Posted Aug 24, 2006 7:29 UTC (Thu) by ringerc (subscriber, #3071) [Link]

...there have not been streams of bug reports on this topic - and, in most cases, it can be avoided simply by swapping to a local disk.

This fails to consider diskless thin clients, blade systems, and cluster nodes where power use, heat, and noise as well as cost are major factors in the desire to avoid a local disk.

I suspect the bug reports haven't been coming because "everybody knows linux can't swap reliably over nfs or nbd" - or is told so as soon as they do any research on the matter. That rather reduces the test base, and reports will be further reduced by the expectation that problem reports will be dismissed with a comment along the lines of "why are you doing that, it's unreliable and can deadlock." .

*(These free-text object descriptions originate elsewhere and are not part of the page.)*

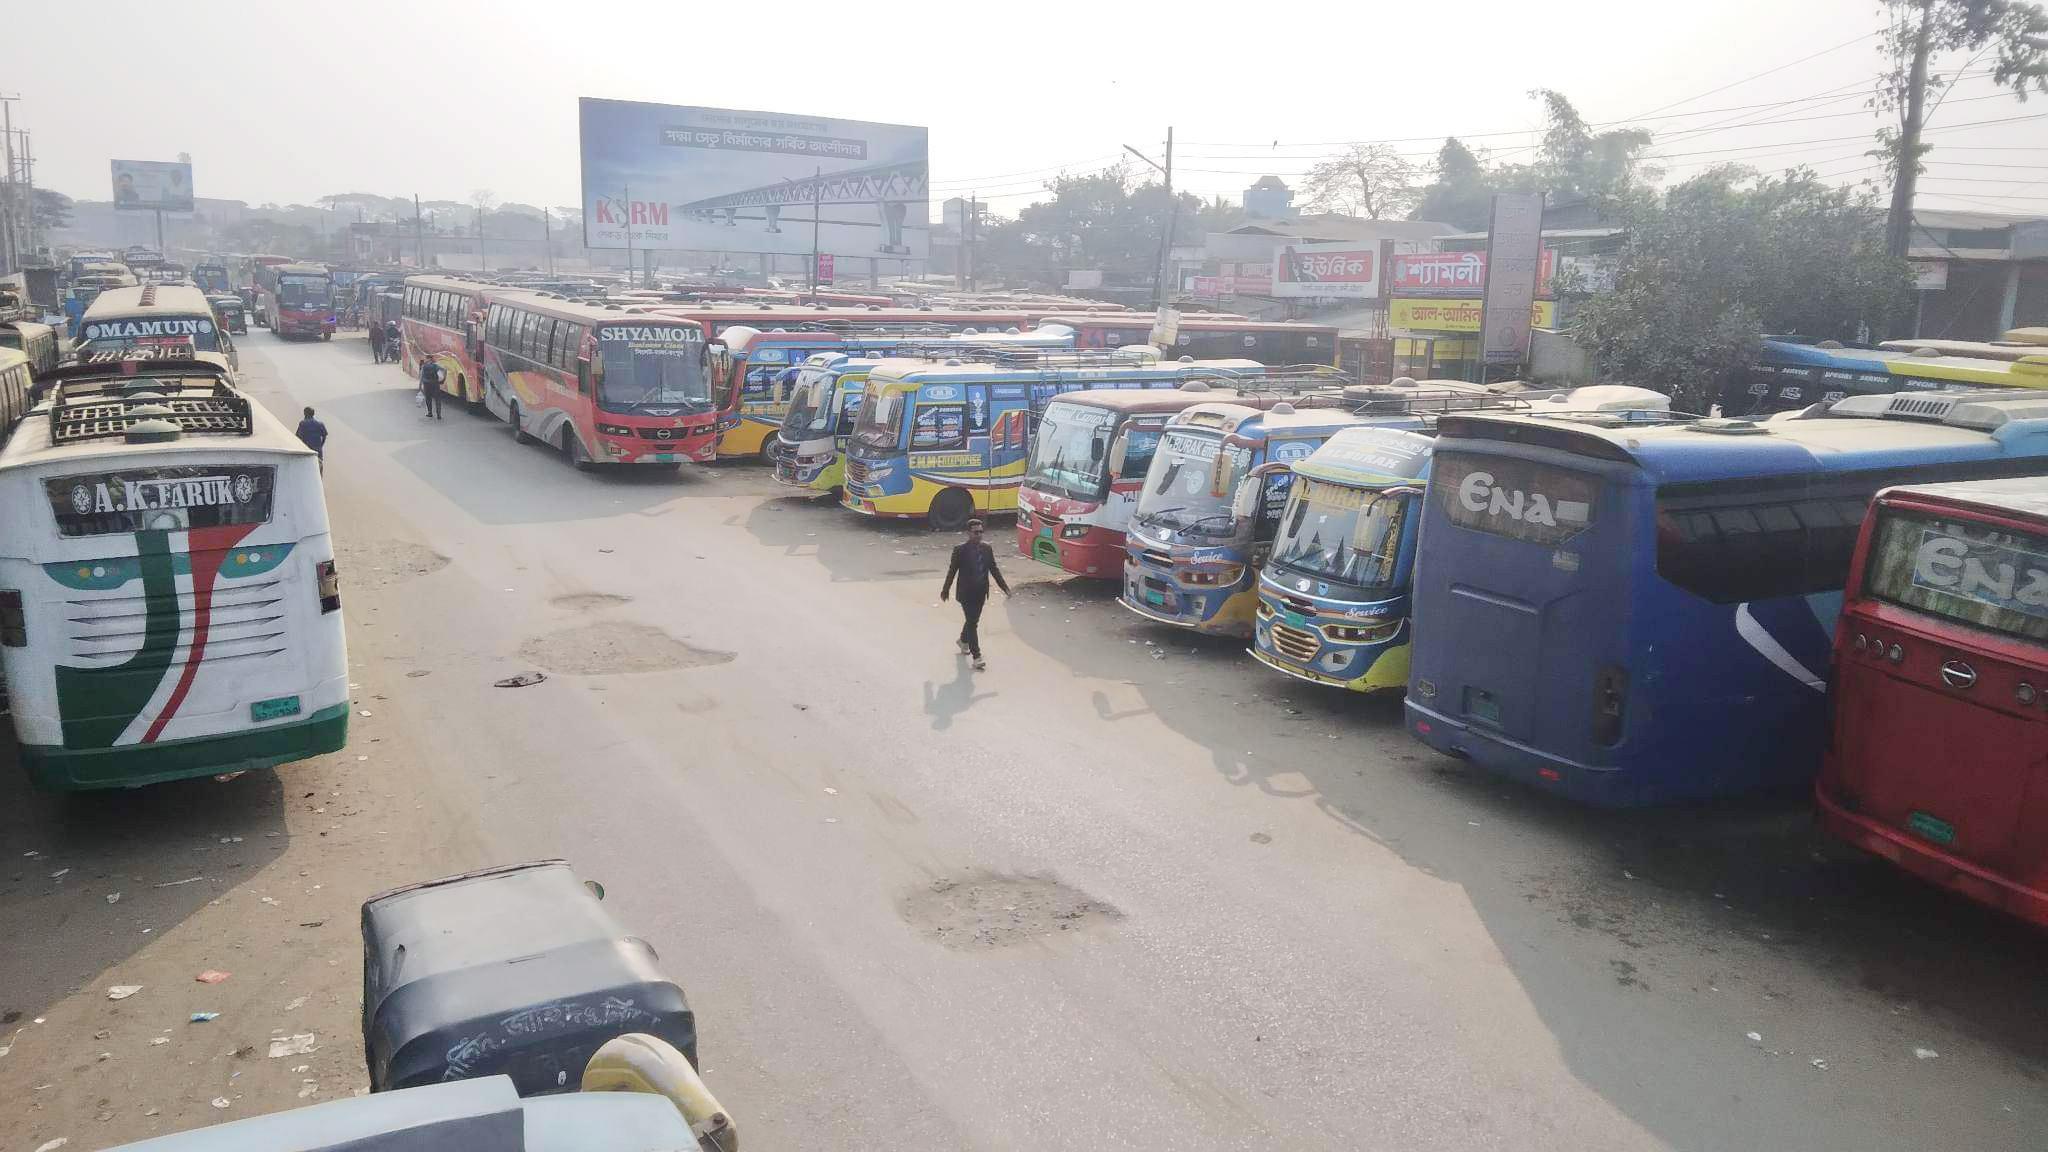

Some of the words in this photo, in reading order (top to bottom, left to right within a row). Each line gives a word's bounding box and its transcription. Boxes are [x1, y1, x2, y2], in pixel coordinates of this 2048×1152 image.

[665, 129, 692, 142] পদ্মা
[695, 132, 720, 147] সেতু
[723, 131, 771, 147] নির্মাণের
[809, 139, 862, 156] অংশীদার
[1302, 256, 1365, 281] ইউনিক
[1407, 252, 1485, 285] শ্যামলী
[98, 320, 199, 338] MAMUN
[600, 327, 706, 343] SHYAMOLI
[1174, 436, 1205, 456] BURAK
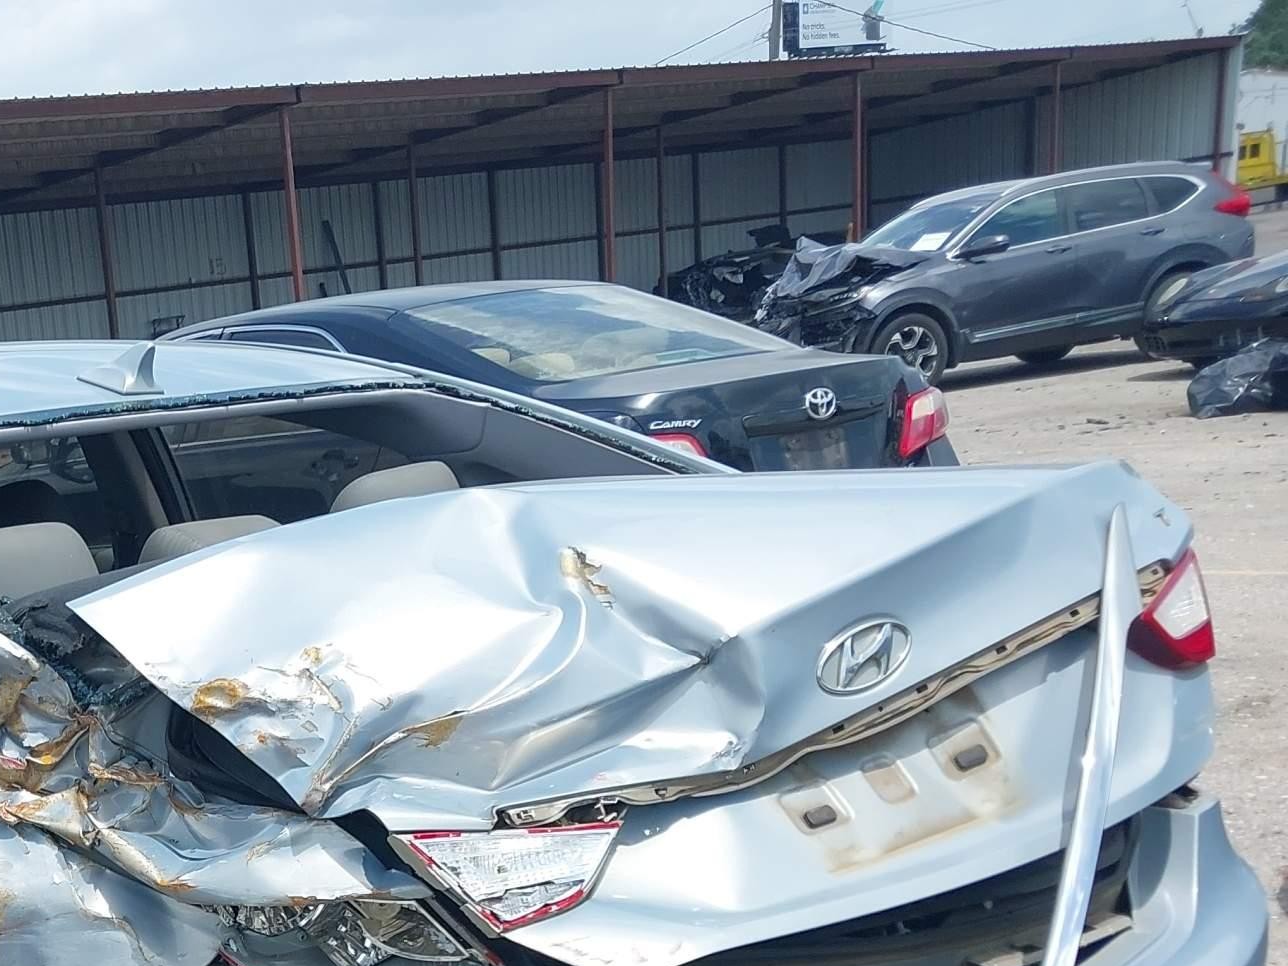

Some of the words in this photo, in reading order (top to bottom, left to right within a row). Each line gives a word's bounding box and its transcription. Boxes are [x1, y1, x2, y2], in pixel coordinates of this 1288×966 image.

[802, 33, 810, 41] No
[811, 31, 828, 40] hidden
[649, 418, 703, 430] CAMRY
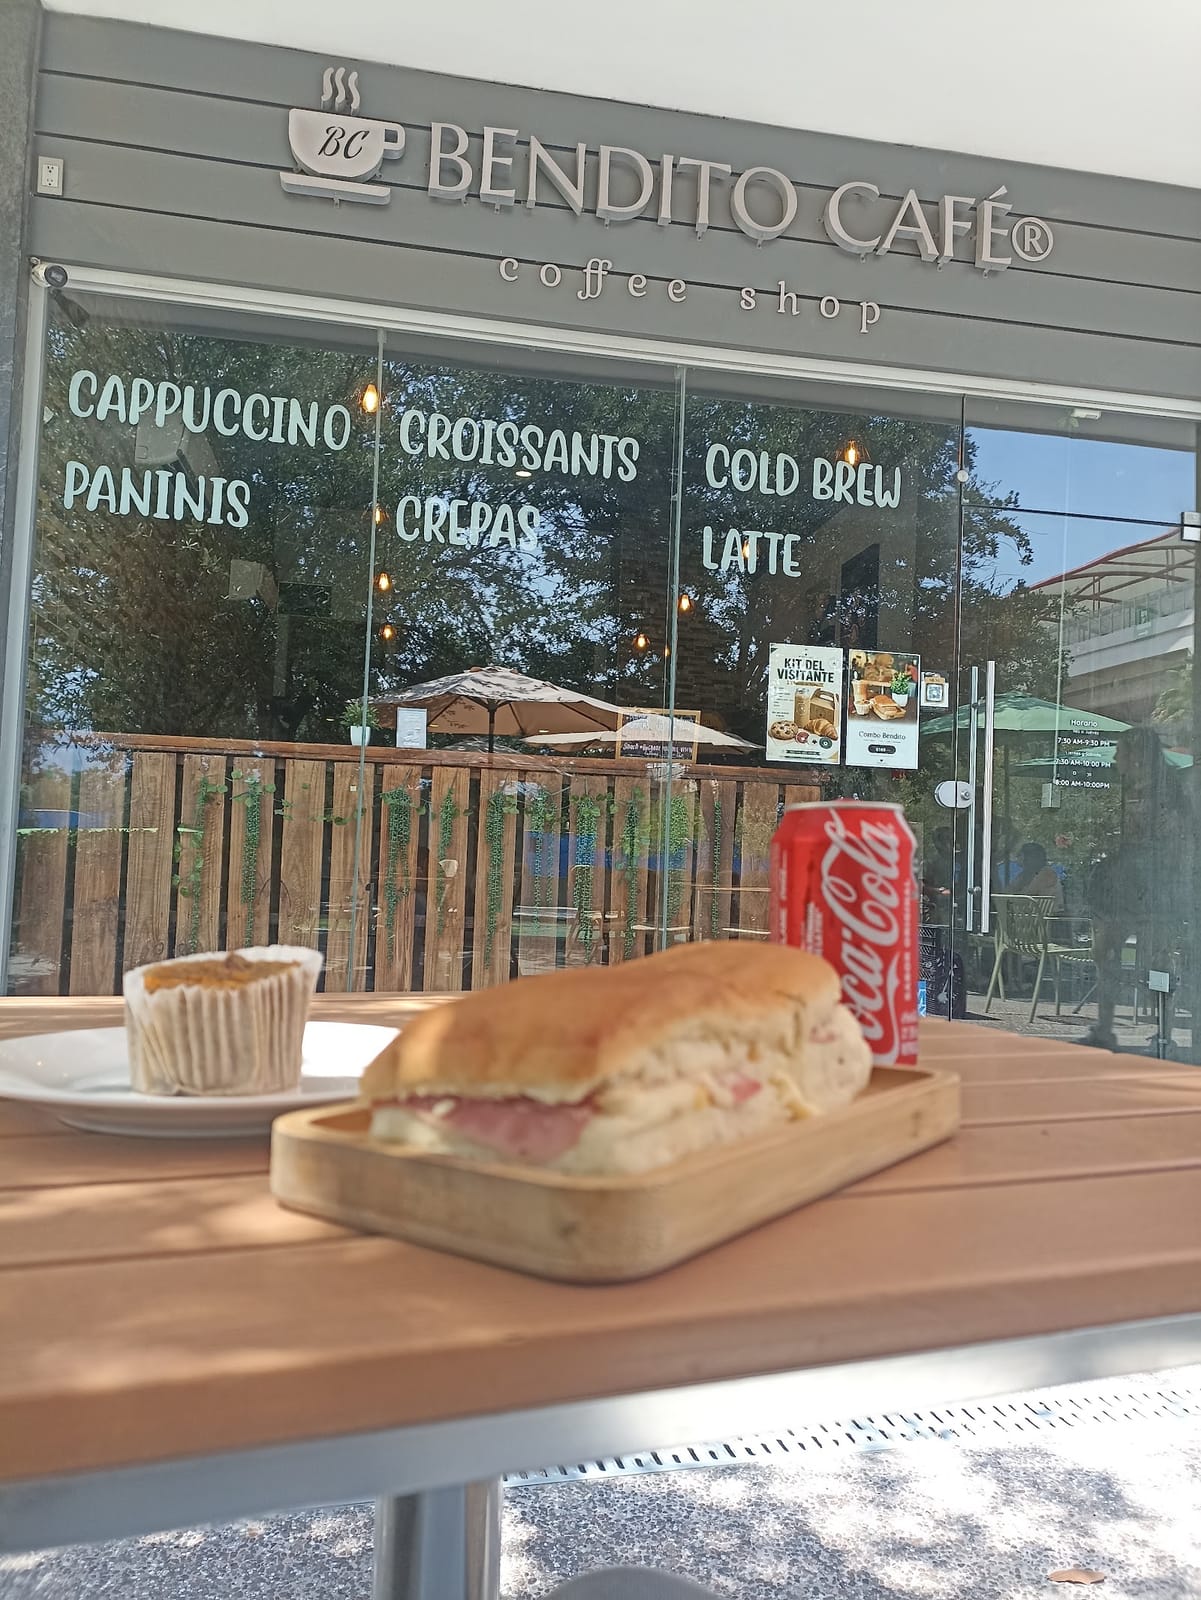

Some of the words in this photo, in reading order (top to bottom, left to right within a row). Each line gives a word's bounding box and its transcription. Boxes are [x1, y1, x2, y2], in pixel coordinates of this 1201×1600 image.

Whether the statement about reliability in the previous paragraph is actually true, and whether the issues really arise very much, is a good question. I don't think there's any easy way to tell the difference between a feature everybody is told is unreliable and so avoids, and one that's used by a significant number of people without many issues despite theoretical problems.

I personally use LTSP thin clients that swap over NFS. The latest LTSP has moved to swap-over-nbd, so I'll be finding out first hand soon. Experience with LTSP suggests that swap over NFS, at least, is not something you want to rely on for more than the most casual use, as it DOES deadlock.

The set of systems whose owners can afford fancy network storage arrays, but where those same owners are unable to invest in a local disk for swapping, is thought to be small.

This might be true - but there are several types of systems that have this need, as noted above, and the reasons for avoiding local disks certainly aren't limited to cost. I'd argue that the number of people with >16 CPU machines is pretty small too, but the scheduler certainly gets a disproportionate amount of attention and added complexity for this small group.